She doesn’t look up. The needle in her hand slips; it tears a thin red line down her finger. “I don’t know,” she says, and her voice is so flat, so bleak, that although a part of Porthos had been ready to turn away and continue to hunt down d’Artagnan, he crouches before her.

“Constance?” he says, and gently takes the needle and thread out of her shaking hands. “What and who should I fight?”

She gives a startled laugh at that, then wipes under her eyes. “Don’t worry about me,” she says. “Go find d’Artagnan.”

“Constance, if something’s—”

“Porthos, please.” She catches his hovering hands, kisses them. “Please find him. I’ll be all right.”

He leaves reluctantly. He returns to the garrison to find d’Artagnan slumped at the mess table, his head in his arms, the stiff pauldron digging uncomfortably into his forehead. There’s an empty wine bottle on his one side and a very concerned Aramis on the other.

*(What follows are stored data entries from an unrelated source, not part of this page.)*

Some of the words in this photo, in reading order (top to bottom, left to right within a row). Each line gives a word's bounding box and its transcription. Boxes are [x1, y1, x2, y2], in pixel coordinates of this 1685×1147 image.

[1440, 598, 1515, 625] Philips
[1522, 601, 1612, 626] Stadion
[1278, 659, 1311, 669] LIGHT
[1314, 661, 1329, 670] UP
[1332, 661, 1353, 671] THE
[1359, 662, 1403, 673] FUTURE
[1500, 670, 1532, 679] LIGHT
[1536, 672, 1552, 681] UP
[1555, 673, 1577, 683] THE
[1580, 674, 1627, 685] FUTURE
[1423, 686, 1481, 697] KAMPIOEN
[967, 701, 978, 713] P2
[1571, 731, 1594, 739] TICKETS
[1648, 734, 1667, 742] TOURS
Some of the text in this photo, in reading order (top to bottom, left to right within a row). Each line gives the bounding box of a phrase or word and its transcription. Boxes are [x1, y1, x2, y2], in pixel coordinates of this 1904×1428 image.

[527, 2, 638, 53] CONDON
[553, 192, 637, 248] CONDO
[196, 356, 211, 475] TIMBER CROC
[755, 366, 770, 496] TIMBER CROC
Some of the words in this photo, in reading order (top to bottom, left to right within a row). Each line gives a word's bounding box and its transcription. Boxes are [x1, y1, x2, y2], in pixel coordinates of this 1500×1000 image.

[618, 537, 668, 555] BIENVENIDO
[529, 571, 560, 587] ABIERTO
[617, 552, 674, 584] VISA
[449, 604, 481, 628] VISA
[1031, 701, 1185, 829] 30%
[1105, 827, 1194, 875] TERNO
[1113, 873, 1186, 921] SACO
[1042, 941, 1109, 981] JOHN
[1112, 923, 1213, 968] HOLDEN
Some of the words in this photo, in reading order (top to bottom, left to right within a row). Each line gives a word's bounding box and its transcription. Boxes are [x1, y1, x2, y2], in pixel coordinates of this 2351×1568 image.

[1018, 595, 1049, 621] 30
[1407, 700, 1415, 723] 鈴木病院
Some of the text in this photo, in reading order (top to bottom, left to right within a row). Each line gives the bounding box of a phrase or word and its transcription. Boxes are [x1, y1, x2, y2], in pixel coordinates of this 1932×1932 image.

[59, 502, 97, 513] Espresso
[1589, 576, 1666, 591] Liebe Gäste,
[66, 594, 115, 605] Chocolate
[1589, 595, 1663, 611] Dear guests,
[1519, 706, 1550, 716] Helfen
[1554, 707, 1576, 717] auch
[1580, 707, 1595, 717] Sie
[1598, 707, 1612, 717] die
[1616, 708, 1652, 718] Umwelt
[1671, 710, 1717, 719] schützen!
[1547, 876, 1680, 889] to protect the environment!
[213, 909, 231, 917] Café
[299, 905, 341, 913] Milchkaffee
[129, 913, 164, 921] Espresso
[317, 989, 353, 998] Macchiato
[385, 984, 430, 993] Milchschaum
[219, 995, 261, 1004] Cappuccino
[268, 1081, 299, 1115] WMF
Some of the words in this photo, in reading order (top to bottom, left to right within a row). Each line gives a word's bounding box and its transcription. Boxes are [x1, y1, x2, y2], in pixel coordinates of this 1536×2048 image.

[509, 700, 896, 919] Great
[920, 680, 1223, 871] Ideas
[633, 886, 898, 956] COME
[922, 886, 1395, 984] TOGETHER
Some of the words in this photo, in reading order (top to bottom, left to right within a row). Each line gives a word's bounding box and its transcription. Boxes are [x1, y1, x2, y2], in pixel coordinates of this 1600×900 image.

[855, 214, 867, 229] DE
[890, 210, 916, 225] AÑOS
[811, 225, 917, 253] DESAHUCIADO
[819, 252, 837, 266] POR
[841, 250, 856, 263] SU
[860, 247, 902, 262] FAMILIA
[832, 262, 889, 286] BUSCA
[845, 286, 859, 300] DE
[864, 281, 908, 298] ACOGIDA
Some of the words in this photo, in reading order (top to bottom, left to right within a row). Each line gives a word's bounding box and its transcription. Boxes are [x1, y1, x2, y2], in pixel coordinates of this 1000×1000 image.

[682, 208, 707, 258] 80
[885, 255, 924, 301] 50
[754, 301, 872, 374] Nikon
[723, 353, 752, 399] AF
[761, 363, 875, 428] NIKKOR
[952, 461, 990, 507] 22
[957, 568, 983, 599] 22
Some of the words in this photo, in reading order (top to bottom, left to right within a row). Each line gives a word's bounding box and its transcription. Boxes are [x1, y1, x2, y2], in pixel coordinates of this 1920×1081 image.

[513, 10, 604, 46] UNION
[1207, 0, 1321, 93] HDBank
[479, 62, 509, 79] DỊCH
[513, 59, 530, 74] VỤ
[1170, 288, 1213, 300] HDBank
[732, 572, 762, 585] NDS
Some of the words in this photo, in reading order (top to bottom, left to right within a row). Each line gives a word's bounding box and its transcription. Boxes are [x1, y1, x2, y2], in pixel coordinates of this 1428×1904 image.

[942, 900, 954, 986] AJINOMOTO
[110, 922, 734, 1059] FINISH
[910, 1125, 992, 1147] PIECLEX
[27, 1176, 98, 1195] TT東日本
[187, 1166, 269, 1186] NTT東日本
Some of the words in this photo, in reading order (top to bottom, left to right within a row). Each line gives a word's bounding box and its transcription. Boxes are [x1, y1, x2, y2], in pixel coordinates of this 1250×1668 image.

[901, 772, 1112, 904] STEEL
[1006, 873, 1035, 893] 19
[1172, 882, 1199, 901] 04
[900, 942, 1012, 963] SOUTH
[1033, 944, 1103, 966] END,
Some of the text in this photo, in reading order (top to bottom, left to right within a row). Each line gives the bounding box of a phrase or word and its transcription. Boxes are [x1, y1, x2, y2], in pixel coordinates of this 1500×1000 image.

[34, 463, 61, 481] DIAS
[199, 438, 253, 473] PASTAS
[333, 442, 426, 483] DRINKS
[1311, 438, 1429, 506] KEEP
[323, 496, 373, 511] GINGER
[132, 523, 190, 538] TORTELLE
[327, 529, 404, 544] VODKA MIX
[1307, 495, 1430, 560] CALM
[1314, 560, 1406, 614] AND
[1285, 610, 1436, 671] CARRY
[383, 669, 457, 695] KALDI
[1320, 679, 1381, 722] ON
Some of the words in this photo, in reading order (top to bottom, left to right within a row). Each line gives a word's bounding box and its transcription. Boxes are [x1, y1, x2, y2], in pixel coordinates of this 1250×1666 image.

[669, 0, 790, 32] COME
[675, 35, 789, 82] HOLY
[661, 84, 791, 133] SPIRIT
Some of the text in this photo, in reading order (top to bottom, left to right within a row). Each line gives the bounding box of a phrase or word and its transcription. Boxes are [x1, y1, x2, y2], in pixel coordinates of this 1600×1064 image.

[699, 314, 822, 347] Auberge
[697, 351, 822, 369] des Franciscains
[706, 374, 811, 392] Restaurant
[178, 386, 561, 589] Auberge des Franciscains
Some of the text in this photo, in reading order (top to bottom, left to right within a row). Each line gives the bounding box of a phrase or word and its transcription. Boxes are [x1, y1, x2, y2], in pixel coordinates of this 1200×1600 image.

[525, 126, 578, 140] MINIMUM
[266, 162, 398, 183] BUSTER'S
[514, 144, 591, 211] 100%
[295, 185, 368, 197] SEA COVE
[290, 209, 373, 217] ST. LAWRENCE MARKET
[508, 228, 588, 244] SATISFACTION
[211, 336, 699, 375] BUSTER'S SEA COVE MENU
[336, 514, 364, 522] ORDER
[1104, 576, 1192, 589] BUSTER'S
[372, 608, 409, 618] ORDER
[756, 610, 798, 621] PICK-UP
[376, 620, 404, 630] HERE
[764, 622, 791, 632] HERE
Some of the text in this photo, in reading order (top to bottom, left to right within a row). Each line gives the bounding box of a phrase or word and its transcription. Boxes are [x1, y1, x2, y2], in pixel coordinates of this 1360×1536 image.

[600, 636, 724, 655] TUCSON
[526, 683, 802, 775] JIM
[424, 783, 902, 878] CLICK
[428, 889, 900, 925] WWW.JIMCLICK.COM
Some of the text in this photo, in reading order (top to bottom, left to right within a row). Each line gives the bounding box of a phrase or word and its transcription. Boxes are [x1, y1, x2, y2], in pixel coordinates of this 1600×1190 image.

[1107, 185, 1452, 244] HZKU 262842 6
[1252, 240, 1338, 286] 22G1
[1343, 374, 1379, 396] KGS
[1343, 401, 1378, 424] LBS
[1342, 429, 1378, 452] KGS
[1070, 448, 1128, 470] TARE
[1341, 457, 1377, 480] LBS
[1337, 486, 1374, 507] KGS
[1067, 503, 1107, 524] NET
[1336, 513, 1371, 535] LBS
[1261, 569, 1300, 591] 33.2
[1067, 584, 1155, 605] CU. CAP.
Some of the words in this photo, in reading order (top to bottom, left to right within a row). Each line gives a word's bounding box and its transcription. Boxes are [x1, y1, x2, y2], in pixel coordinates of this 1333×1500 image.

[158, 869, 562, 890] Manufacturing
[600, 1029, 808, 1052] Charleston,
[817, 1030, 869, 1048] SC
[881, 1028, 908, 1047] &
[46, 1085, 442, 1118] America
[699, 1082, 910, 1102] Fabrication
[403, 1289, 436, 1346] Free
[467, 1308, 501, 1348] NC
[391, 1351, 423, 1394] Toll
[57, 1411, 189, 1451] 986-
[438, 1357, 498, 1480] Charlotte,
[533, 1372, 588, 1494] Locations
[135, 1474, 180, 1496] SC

He meets Aramis’ gaze over d’Artagnan’s shoulder. _Constance?_ Aramis mouths.

Porthos thinks of the bleakness in Constance’s eyes, the way the thread had spooled around her fingers, the slow trickle of blood that stained them; of her trust, her grief, her undeniable _love_ for this man—this man who’s so ready to grieve loss and avenge phantoms, rather than fight for what he has.

 _No_ , he says, and walks to his room.

* * *

 

When d’Artagnan returns from Constance’s home one last time, he looks about as defeated as Porthos has ever seen him; he settles on the bench next to Porthos, leans his head against his shoulder and closes his eyes. “Her husband,” he says. “He tried to kill himself. She had no other choice.”

Porthos nods, rubs a thumb over d’Artagnan’s knuckles. “And what are you going to do about it?”

d’Artagnan lifts his head and frowns at him. “What _can_ I do about it?”

“I mean,” Porthos says lightly, “you could always try and make more furniture. Or—you could fight. That’s always been the choice, hasn’t it?”

d’Artagnan stares at him before a slow grin lifts the corners of his lips. “I can fight,” he says. “For all of us.”

Porthos laughs and slaps him on the back, hard enough for it to echo through the practice yard. d’Artagnan doesn’t fall, and he doesn’t stop smiling.

**_Finis_ **


End file.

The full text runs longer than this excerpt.